Activity:
Only the pictures are to be omitted; every entry beneath should otherwise be duplicated exactly.

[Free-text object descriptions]
——————————

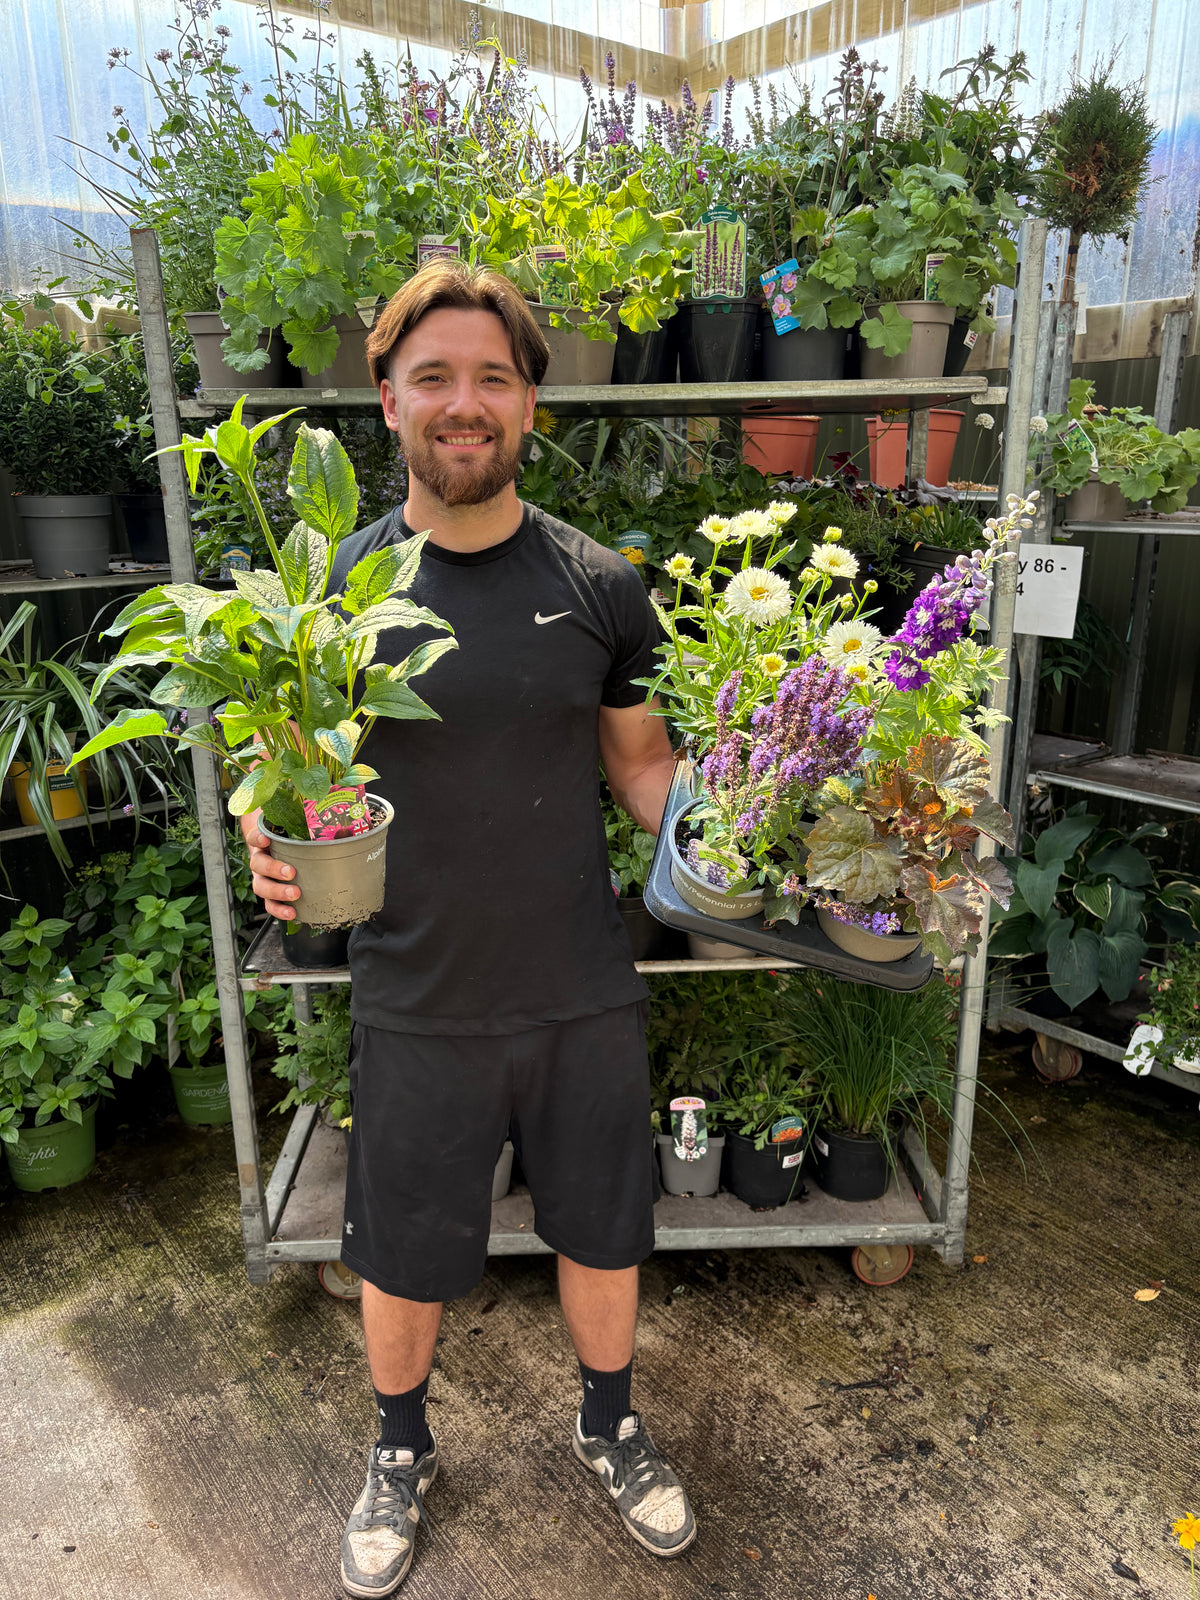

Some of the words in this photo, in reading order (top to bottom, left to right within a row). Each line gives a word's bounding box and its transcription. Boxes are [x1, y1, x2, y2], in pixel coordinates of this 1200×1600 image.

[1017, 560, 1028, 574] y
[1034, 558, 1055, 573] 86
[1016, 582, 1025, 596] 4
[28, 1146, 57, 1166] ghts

——————————

Result below:
Some of the words in this photo, in reading order (top to bottom, left to right within a row). Each line gives a word's bounding box and its transcription. Boxes are [x1, y1, x2, y2], in pixel coordinates of this 1200×1600 image.

[1017, 560, 1028, 574] y
[1034, 558, 1055, 573] 86
[1016, 582, 1025, 596] 4
[28, 1146, 57, 1166] ghts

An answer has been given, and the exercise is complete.